How a Covenant Church Plant in Monterrey Evolved Into an Empowering Community Resource
As a teenager, Keyla Castro Amaro was afraid every day as she walked through her neighborhood in Monterrey, Mexico. It was the early 2000s, and drug cartels were battling for control of the area. Innocent people had been killed by stray bullets, and the community was being terrorized by violence. Castro begged God to make her invisible so she would be safe.
“I know God protected me,” she says today.
Castro and her parents lived in an apartment above the small convenience store they operated out of their garage. Her father pastored a house church that they started decades ago. One day her mother was making soup outside to share with local youth when Covenant global personnel Lisandro and Patty Restrepo were walking through the neighborhood.
The Restrepos had joined a Covenant ministry, the Family Development Foundation, or Fundefam, whose mission is “Fortalecer la capacidad de transformación que tienen individuos de comunidades vulnerables, sumando esfuerzo a partir de un modelo integral,” or “Strengthening the transformational capacity of individuals from vulnerable communities, bringing together strengths in a comprehensive model.” The nonprofit offers children’s English classes, women’s Bible studies, and classes in conflict resolution, painting, aerobic dance, leadership development.

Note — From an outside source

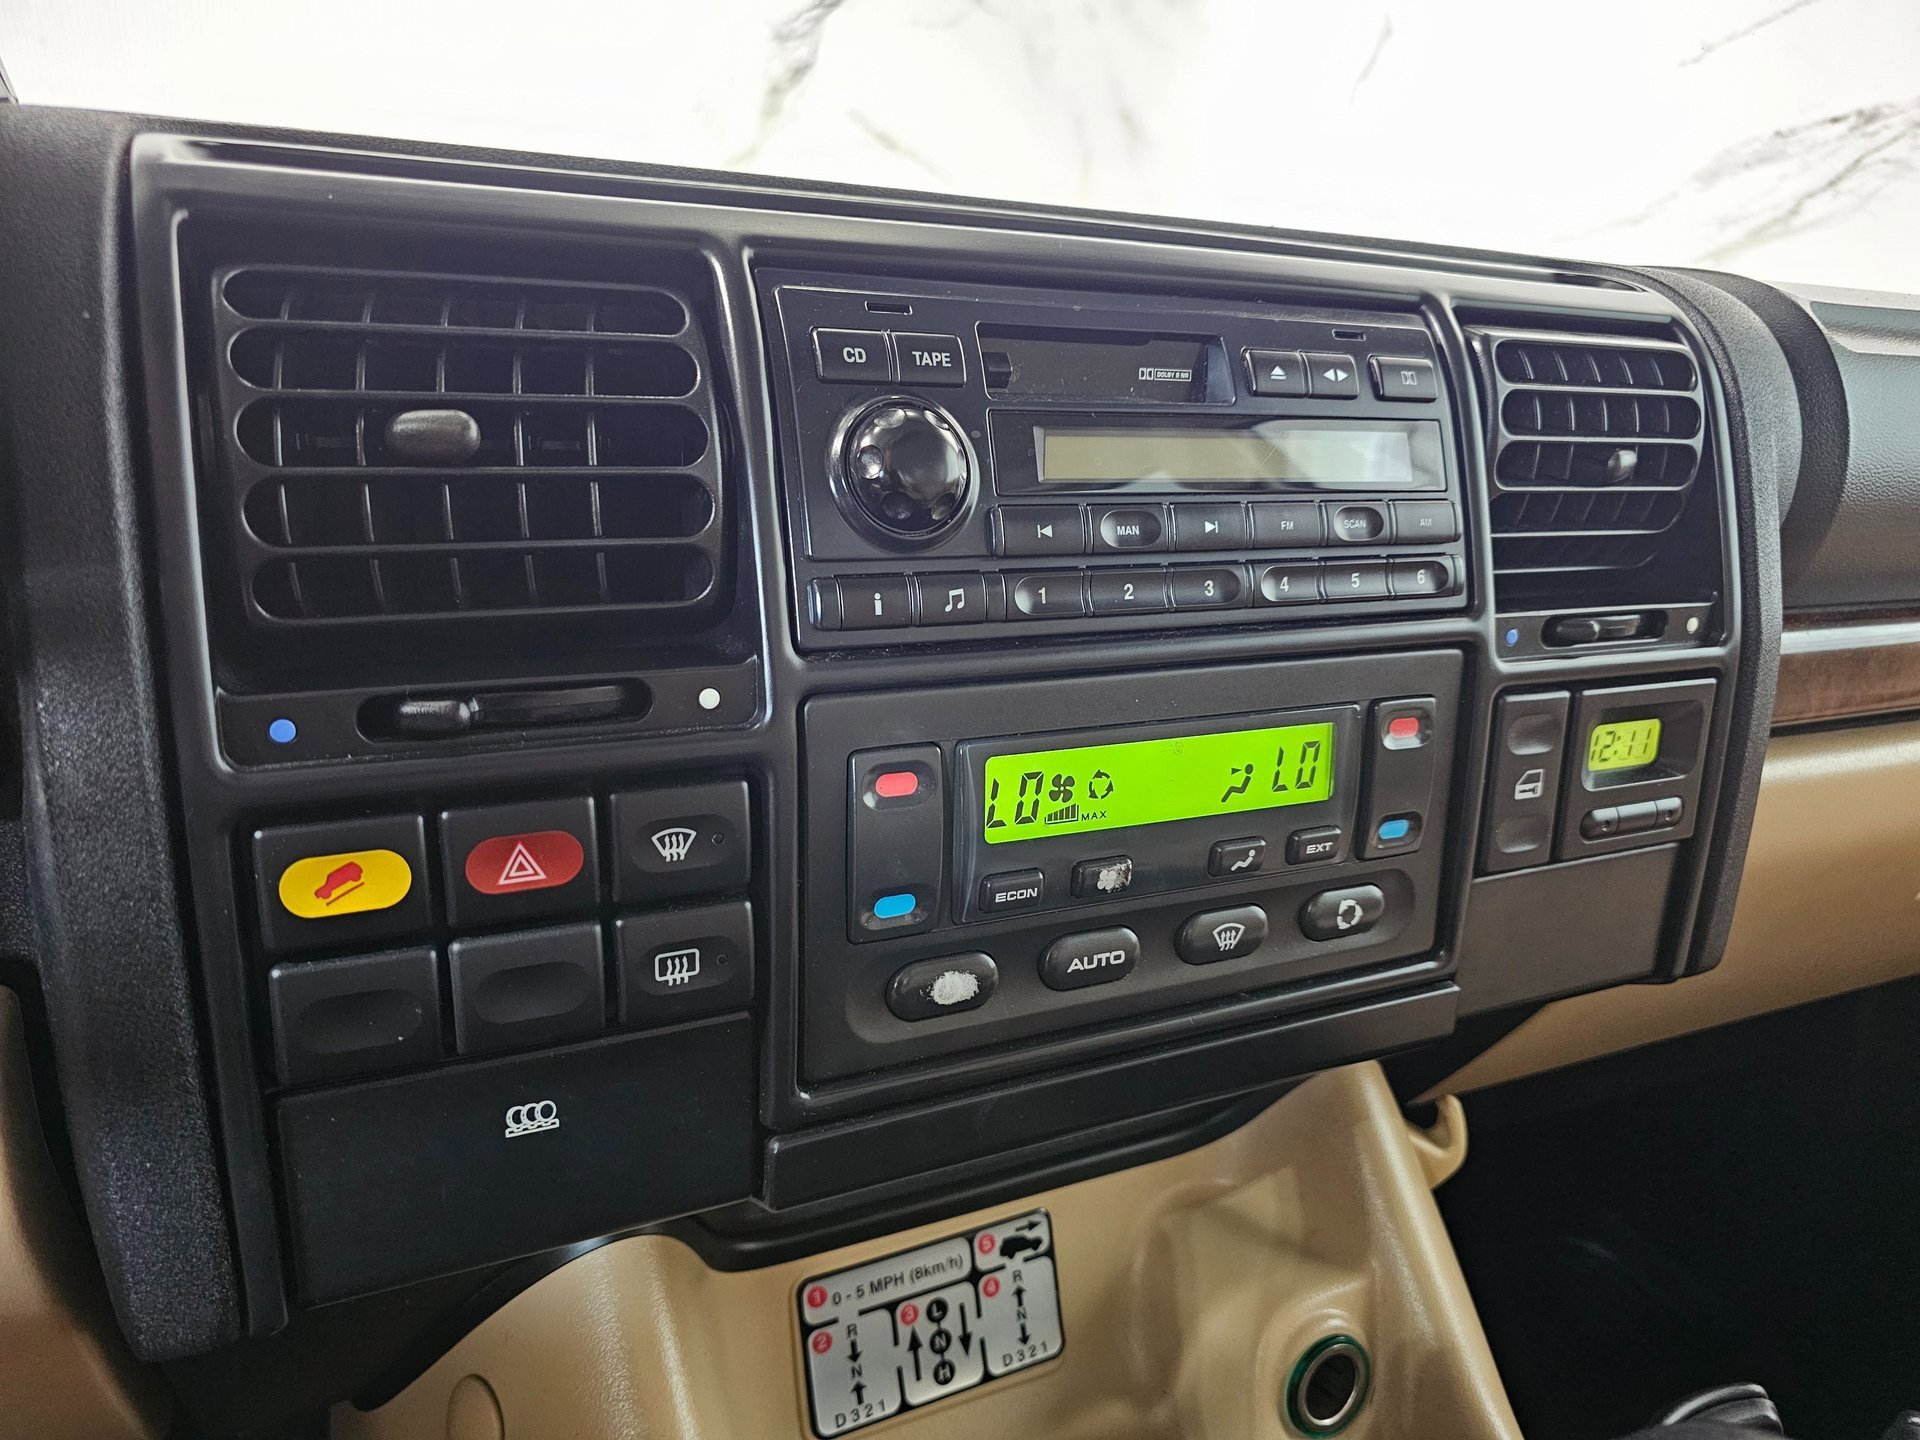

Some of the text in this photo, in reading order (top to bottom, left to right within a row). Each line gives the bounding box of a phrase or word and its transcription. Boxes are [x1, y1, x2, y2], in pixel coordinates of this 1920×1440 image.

They also offered, youth activities, such as camping outings outside the city and opportunities for youth to discuss life with peers and adult mentors.

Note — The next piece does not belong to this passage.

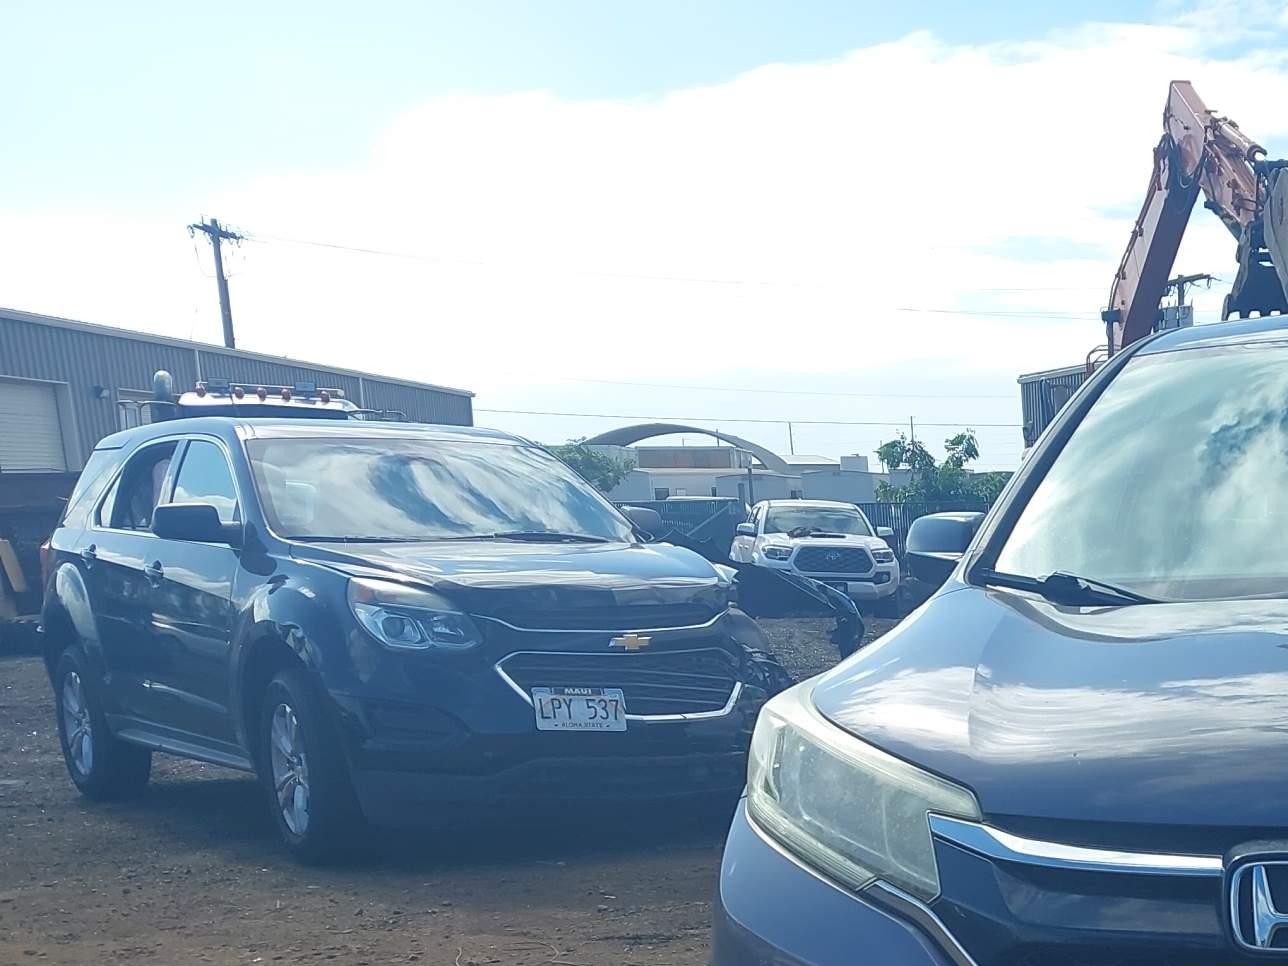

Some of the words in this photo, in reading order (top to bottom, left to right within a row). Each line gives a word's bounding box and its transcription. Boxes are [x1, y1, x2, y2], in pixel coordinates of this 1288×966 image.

[564, 687, 592, 695] MAUI
[538, 698, 573, 720] LPY
[585, 699, 619, 721] 537

They invited Castro to come to the ministry. She soon began participating in Fundefam programs.
She met other students and got to know the Restrepos, as well as Nils and Erika Clauson, also Covenant global personnel working with the ministry. As time passed, Castro began to mentor other students and help lead some of the camping activities and Bible studies.

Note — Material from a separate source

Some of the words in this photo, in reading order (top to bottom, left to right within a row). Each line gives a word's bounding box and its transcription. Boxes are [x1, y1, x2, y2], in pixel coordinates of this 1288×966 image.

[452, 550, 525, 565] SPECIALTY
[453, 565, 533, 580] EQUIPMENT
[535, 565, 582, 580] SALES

A conversation with one young boy she was mentoring spurred her to study psychology. She learned that he had experienced abuse, and he asked Castro what he could do. “But I didn’t know,” she says, the pain of that moment still fresh. “And then I felt I wanted to be a psychologist.”
But no one in her family had ever been to college. With no money for tuition, her parents tried to protect her from disappointment, encouraging her to study to be a beautician instead. But Castro laughs as she says there was no way that she could do that. She had a dream that she was convinced God had placed in her heart.
When she went to Lisandro Restrepo for help, he suggested they might be able to find her a scholarship. They applied to several organizations, but Castro was turned down repeatedly. She went to the local university to interview for a scholarship. The hurt flashes across Castro’s face as she describes how the woman interviewing her scolded her, saying, “Tell your parents to go to work.”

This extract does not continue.